A rischio 110 posti di lavoro

Hypo Bank: nulla di fatto dalla trattativa. Appello alla politica

I funzionari della Regione Fvg lasciati davanti alla porta. Il disappunto della governatrice Serracchiani: «Un episodio sgradevole e sconcertante: le istituzioni sono state letteralmente messe alla porta».

La sede della Hypo a Tavagnacco (© Diario di Udine)

TAVAGNACCO - Ancora un nulla di fatto per la procedura sul licenziamento collettivo di 110 lavoratori di Hypo Alpe Adria Bank spa.

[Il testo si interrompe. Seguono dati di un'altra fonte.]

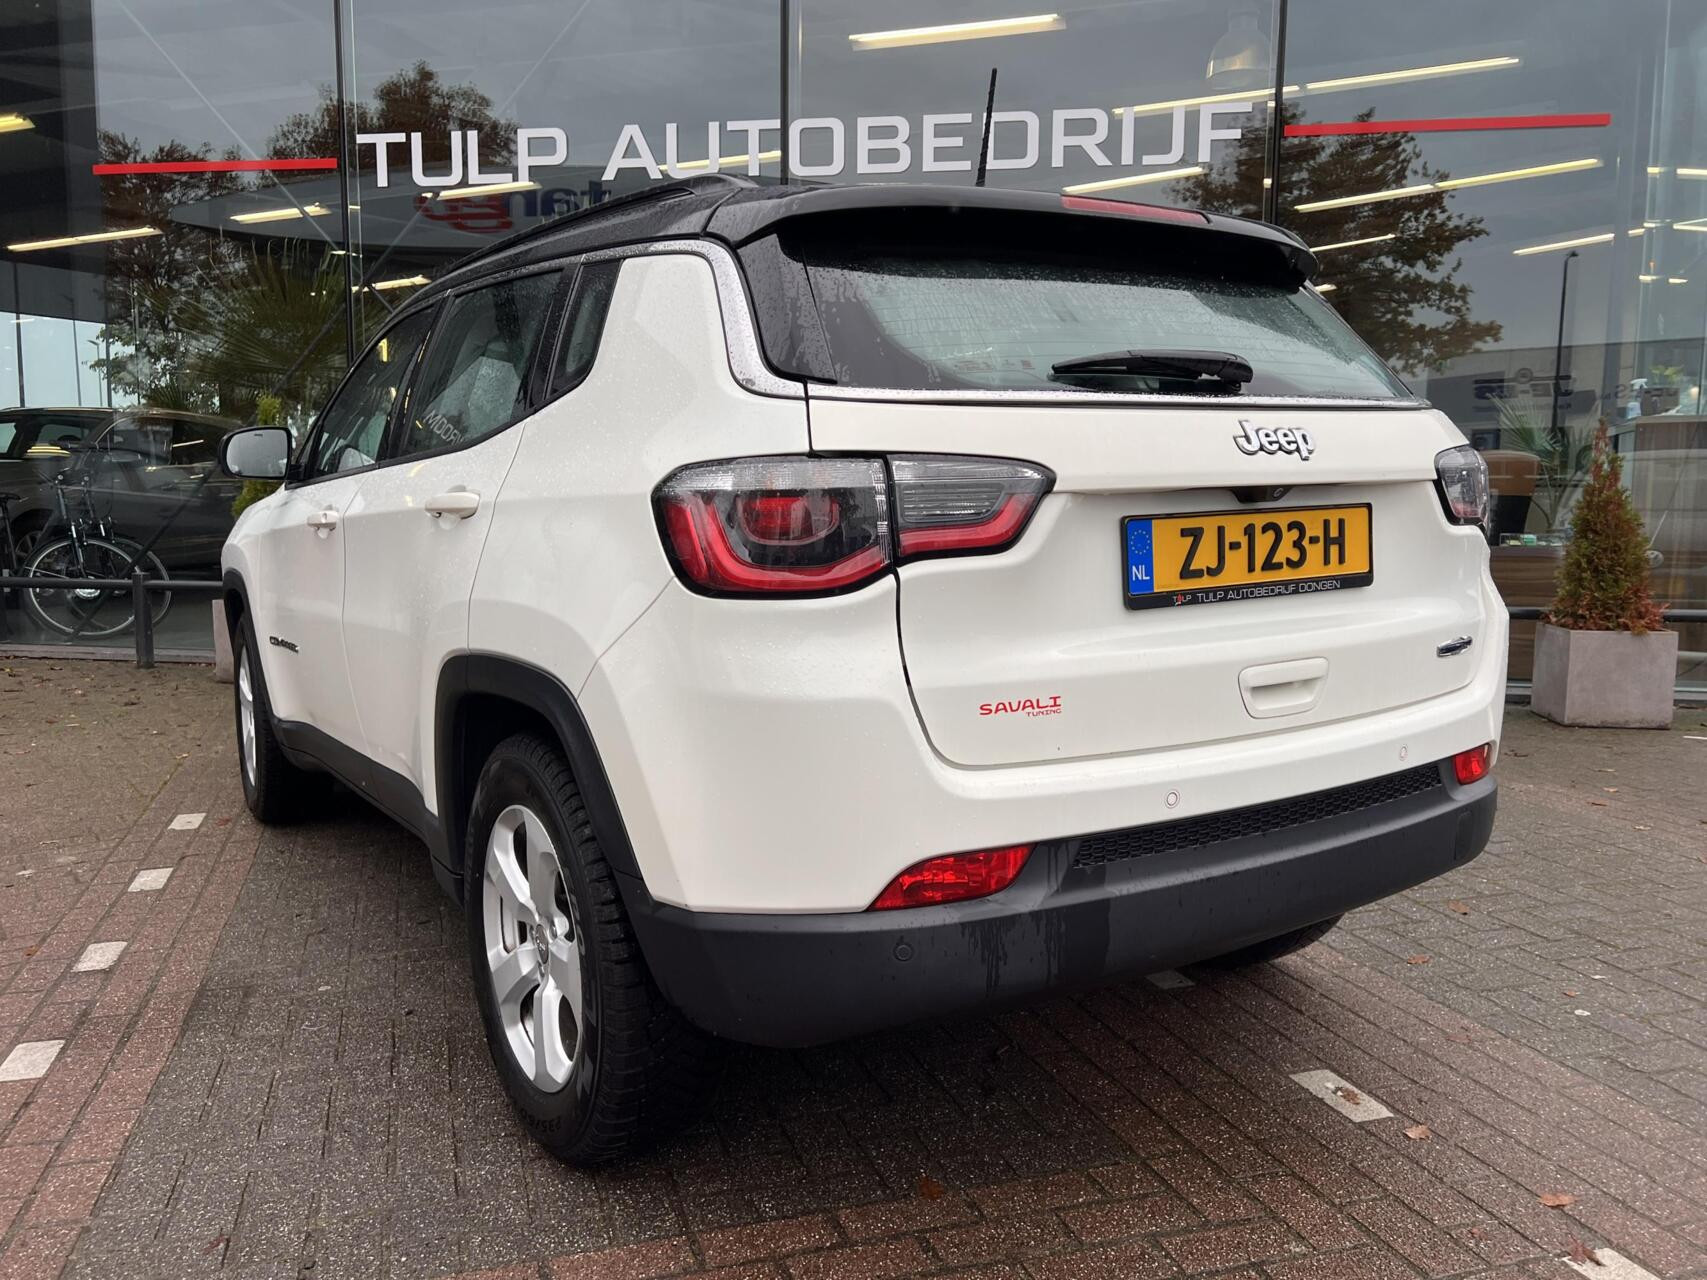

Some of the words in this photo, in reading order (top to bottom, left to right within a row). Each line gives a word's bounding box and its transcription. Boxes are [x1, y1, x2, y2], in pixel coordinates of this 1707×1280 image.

[355, 127, 568, 188] TULP
[601, 101, 1254, 181] AUTOBEDRIJF
[1232, 419, 1316, 461] Jeep
[1178, 517, 1346, 580] ZJ-123-H
[1132, 564, 1150, 582] NL
[1196, 591, 1224, 603] TULP
[1227, 584, 1297, 600] AUTOBEDRIJF
[1299, 580, 1341, 593] DONGEN
[979, 696, 1062, 716] SAVALI
[1026, 708, 1062, 718] TUNING
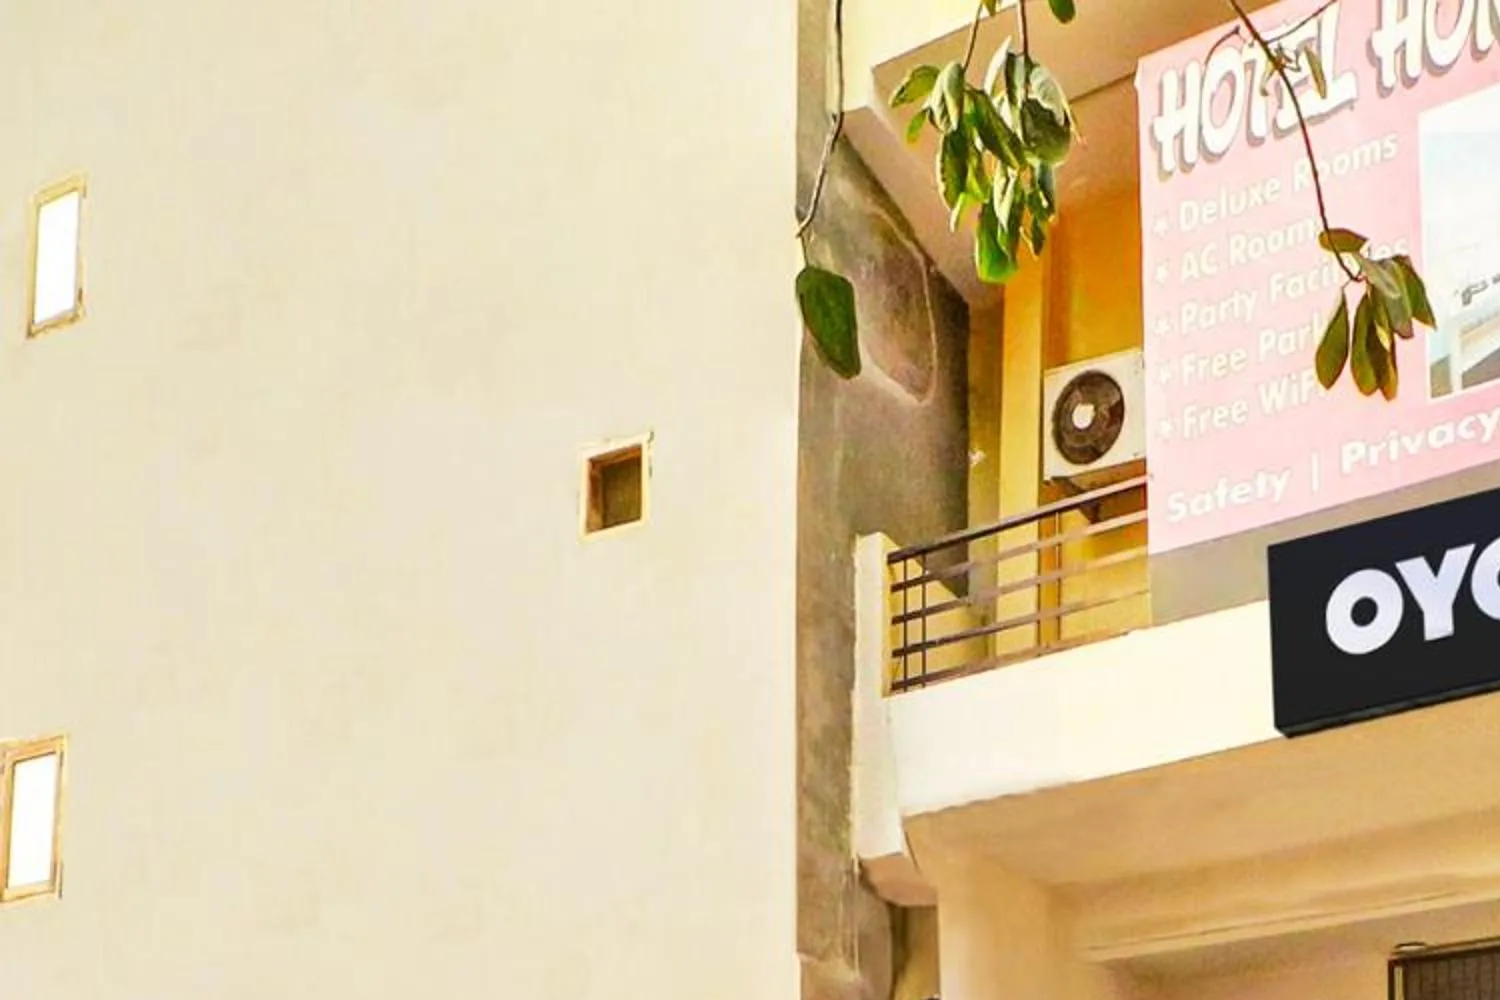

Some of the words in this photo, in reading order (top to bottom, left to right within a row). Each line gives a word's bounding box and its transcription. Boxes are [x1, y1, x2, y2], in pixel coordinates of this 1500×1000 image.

Al primo incontro, tenutosi venerdì mattina in azienda a Tavagnacco tra proprietà e sindacati, le posizioni delle parti sono rimaste molto distanti.

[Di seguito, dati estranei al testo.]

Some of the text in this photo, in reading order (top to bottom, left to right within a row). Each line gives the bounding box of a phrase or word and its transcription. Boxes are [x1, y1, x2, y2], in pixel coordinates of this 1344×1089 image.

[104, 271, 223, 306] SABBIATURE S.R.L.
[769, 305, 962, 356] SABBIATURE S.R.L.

«E' importante che la politica ci dia una mano per salvare l'occupazione di quasi 300 famiglie», ha spiegato il segretario della First Cisl Roberto De Marchi, che mette già in conto anche gli esuberi di altri 170 lavoratori circa nel giro di un paio d'anni, qualora la proprietà proseguisse nella linea di chiusura della banca italiana
Le speranze di salvezza, in questo momento, sono due: «O si passa sotto la gestione del fondo Atalante o sotto un altro gruppo bancario», continua De Marchi, auspicando un intervento di Banca d'Italia che neghi l'autorizzazione allo ‘spezzatino’ con la cessione delle sette filiali a Valsabbina e commissari la banca.

Dal tavolo di trattativa è stata esclusa la Regione Fvg. «Un episodio sgradevole e sconcertante: le istituzioni sono state letteralmente messe alla porta». È il commento della presidente del Friuli Venezia Giulia, Debora Serracchiani, a quanto accaduto a Tavagnacco dove ai vertici della direzione regionale Lavoro è stato impedito di accedere alla sede della Hypo Alpe-Adria Bank.
Fatti attendere all'ingresso, i funzionari della Regione sono stati raggiunti dal direttore generale dell'istituto bancario, il quale ha ribadito la indisponibilità a far partecipare la Regione al tavolo, adducendo che la normativa vigente non prevede la presenza politica delle istituzioni in questa fase.